A Índia está com tudo atualmente: Bollywood ganha Oscar; é tema de novela e ainda alinha carro no grid. O que me fez lembrar de Balbir Singh, ou como todos o chamavam no paddock o ‘guru do Schumacher’. Atualmente Balbir é o fisioterapeuta da equipe Force India cuidando do corpo e mente de Fisico e Sutil.

Como eu disse no post anterior, a preparação para valer de Schumacher começou com o empurrão da Mercedes-Benz, mais especificamente na clínica de fisioterapia do Dr. Dungl na Áustria, que incluía exames, atividades físicas e dietas, tudo voltado para melhorar o desempenho dos pilotos na pista.

Na clínica do Dr. Dungl, ele conheceu o fisioterapeuta, nutricionista e preparador físico Harry Hawelka que trabalhou com ele durante uns cinco anos até ele trocar a Benetton pela Ferrari. Antes disso, Schumacher ia às academias e fazia exercícios completamente errados, forçando os músculos dos braços e pernas. Ele fez tanta flexão que ele foi obrigado a fazer uma cirurgia no menisco do joelho, que já estava totalmente atrofiado em 93.

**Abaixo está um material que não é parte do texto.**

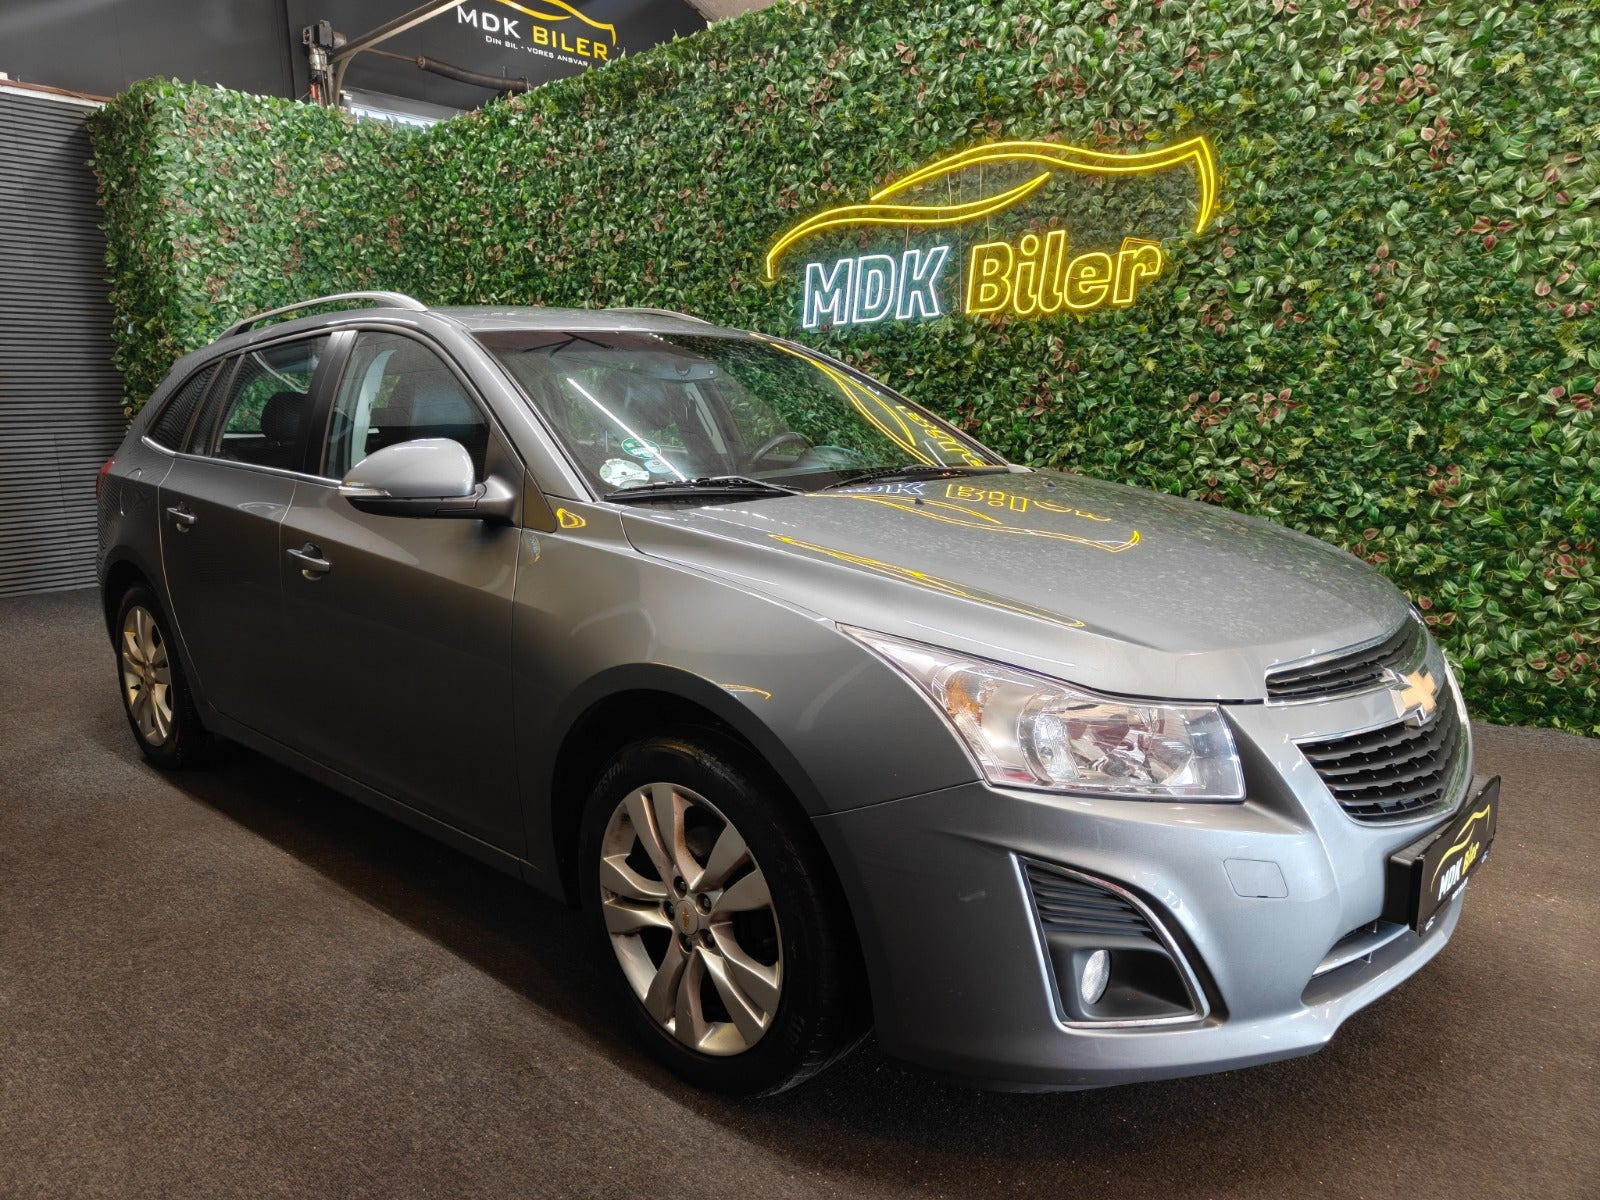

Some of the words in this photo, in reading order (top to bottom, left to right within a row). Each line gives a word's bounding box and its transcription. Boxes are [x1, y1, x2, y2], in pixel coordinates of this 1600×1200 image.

Nascido em Punjab, mas há bastante tempo reside na Alemanha, Singh nunca tinha posto seus pés dentro de um autódromo, até que o destino o levou a Schumacher.

Eu estava trabalhando num hospital e mantinha contato com seu tio – disse Balbir. Um dia ele disse que Michael estava procurando por um fisioterapeuta. Isso foi em novembro de 95, e Michael estava testando com a Ferrari de uniforme branco.

Houve outros caras antes de mim que provavelmente não deram certo, mas eu nunca tinha trabalhado para o automobilismo antes. Quando o encontrei pela primeira vez, era para ficar por quatro dias em Paul Ricard. Eu tirei uma semana de férias do meu trabalho e fui para lá. Depois de quatro dias Michael perguntou se eu não poderia ficar a semana toda com ele. Fiquei, e quando voltei para casa na semana seguinte ele já me telefonou perguntando se não poderíamos trabalhar juntos. Eu recusei pois tinha um contrato com o hospital e não deveria deixar meus pacientes. Michael pediu para eu não me preocupar com isso, que daria um jeito. Uma semana depois, meu chefe disse que eu estava liberado. Pensei que meu trabalho duraria um ou dois anos, nunca imaginei que se passariam 10 anos.

 Em 2005, Balbir deixou de ser o fisioterapeuta particular de Michael, devido à exigência de seguí-lo durante todas as corridas, ele decidiu que era hora de ter mais tempo com sua família. Michael na ocasião disse que sentiria muito a falta do indiano, era um dos amigos mais próximos, no qual ele confiava piamente. Mas ele tinha que acatar sua decisão sobre pensar mais no seu próprio futuro. No ano  passado após três anos longe da Fórmula 1, Balbir aceitou o pedido da Force India e voltou trazendo mais uma vez todo seu conhecimento de ayurveda, yoga e dietas para o paddock de F1.

Michael é um cara único. Algumas vezes, era difícil trabalhar junto pois ele era extremamente esforçado e sempre tinha um objetivo para permanecer no topo. Eu acho que tive muito sorte por encontrar um homem como ele – no topo do mundo, com muito sucesso, mas ainda um ser-humano e eu sei que ele sempre será assim. Nós éramos e ainda somos muito próximos. Eu trabalhava para ele, mas continuamos sendo amigos.

Porque a Force India? Minha família nasceu na Índia e minha herança indiana é bem forte, mesmo sendo um cidadão alemão. Parecia certo participar dela por causa da conexão indiana e para ajudar tanto a equipe como seus pilotos.